In another section and one of my favourite passages, the government has decided to let the outer working class districts of Berlin fall to the revolting workers for now. And they're just going to build a defensive line around the centre with loyal Jaeger units. But someone thinks its a good idea to have the SPD explain the situation to the Jaeger troops. Unfortunately the deal between the Generals and the SPD only involves the main leaders, so the speakers selected aren't in on the plot. One of them believes that this was the party was waiting for and so gives them a speech that attacks the Kaiser, the Generals and the war and urges the Jaegers to join the rebellion. It's such a good speech it works and that leads to a domino effect when all the supposedly loyal units defect, because they refused to shoot on their fellow comrades.

He speaks again as he used to speak; he still believes that it is not for a handful of politicians, but for the people in revolt to make the final decision. He tells of the mutiny of the sailors, of the workers in Hamburg, Hanover, Munich, who have already joined the revolution... And none of the soldiers doubts but that this “Revolution” and Social Democracy are one and the same thing. In swift sentences Wels presses to a conclusion: “...under no circumstances then can the present system continue. The revolution is not to betrayed. It is our duty at all costs to prevent civil war. It does not matter to me to which party you belong if you are resolved to see that in the future the people shall decide its own destiny, then put yourselves at the disposal of the Social Democratic Party! “Show your consent by giving three cheers for Peace!” The soldiers, accustomed to respond only to the word of command, still stand rigidly at attention. But others, strangers to the barracks, who have been standing at the gate during the speech, now advance across the square and in scattered groups swarm among the ranks. “Peace!” shouts Wels again; “Peace!” comes back the cry. “Three cheers for Government by the People!” “Hurrah!” join in the Jäger. Wels has won. The soldiers break ranks, surge around the waggon and lift Wels down. The officers, who have listened to it all in silence, retire. A committee of the soldiers announces that the Battalion places itself at the disposal of the Social Democratic Party.

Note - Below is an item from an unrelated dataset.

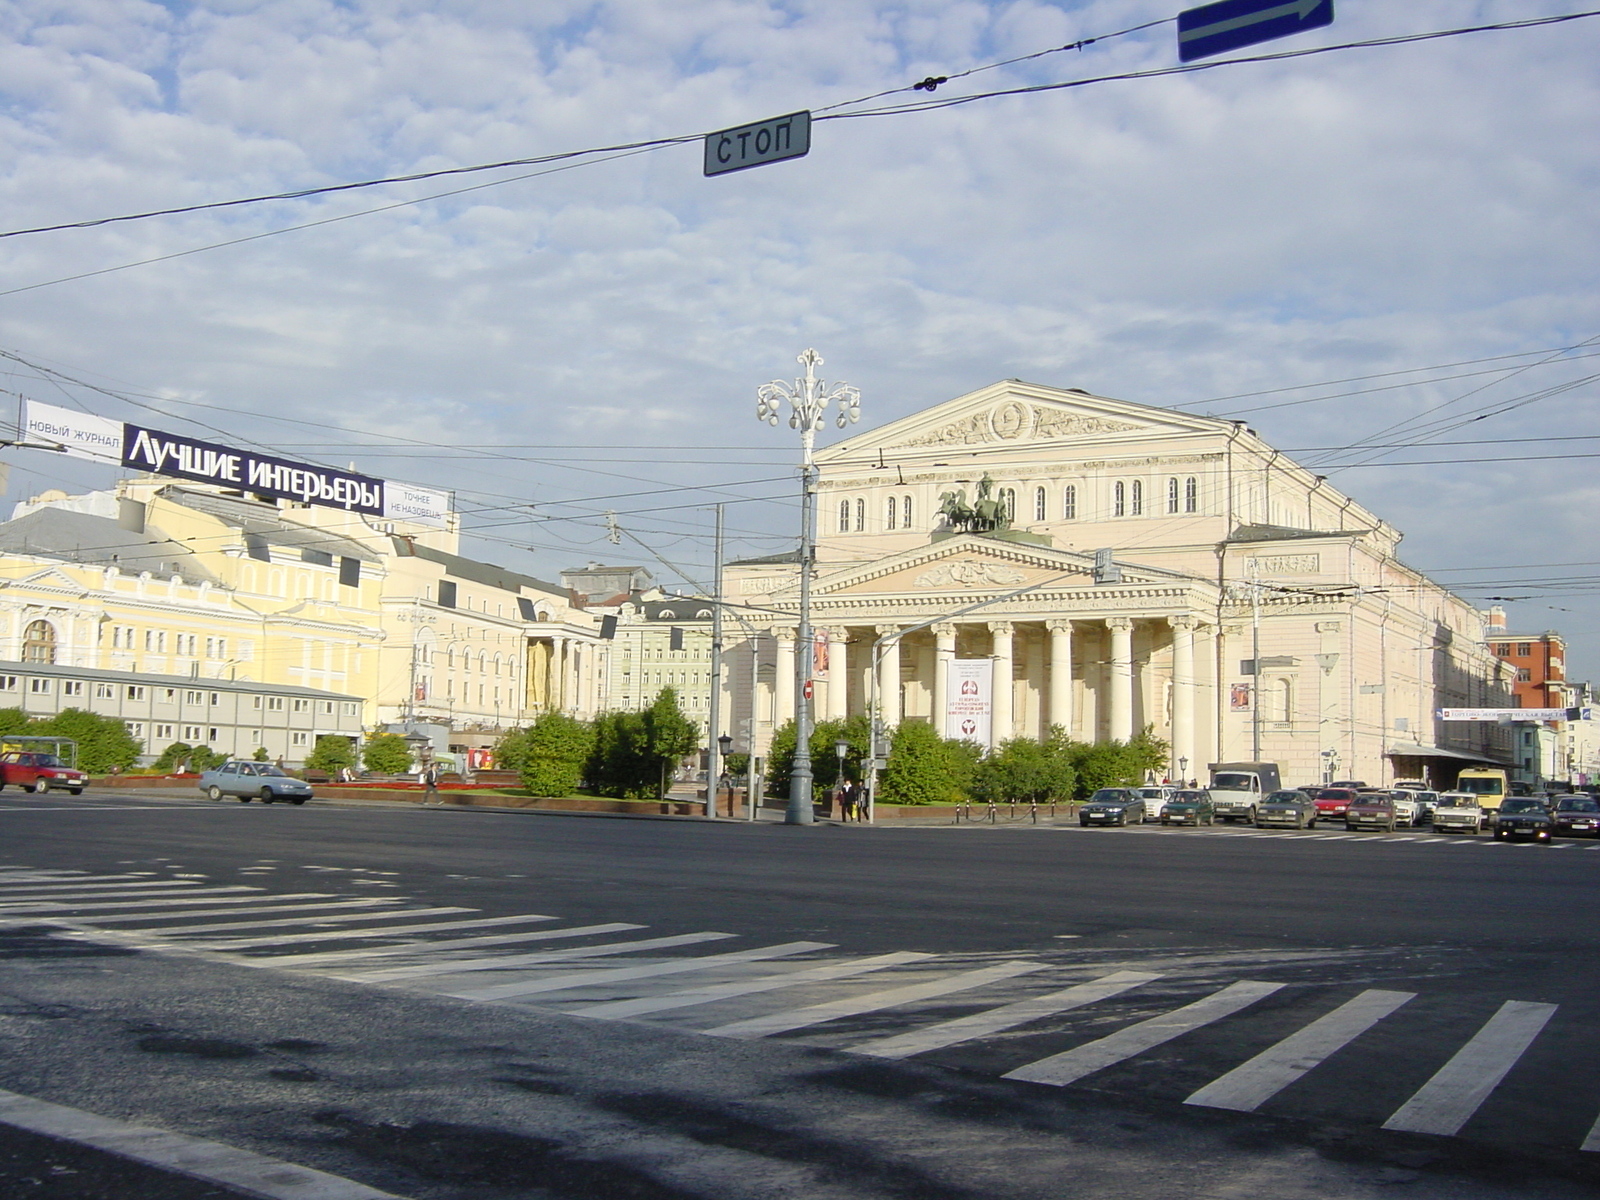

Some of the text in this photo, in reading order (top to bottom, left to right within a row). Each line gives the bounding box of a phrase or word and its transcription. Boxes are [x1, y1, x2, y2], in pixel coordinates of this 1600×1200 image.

Another interesting part of the novel is the ongoing tension between the SDP and its Trade Union leadership against their own members and supporters. The general strike that brings down Berlin was opposed by both, the SPD leaders elected to the new councils like Noske do everything they can to convince the revolutionaries to back down and compromise. The German Revolution was fundamentally a mass revolt of the German workers, soldiers and sailors. The party of the working class the SDP is fracturing with its main group actively trying to stop the revolution, and the small socialist splinters while enthusiastic are two small to have any real effect, and some of them attempted to replace the SPD or engaging in premature street fighting.

Its a beautiful book full of enthusiasm for building a better world, a world without war, without repression or exploitation, and the defeat of the revolt in life as in the book is a great tragedy.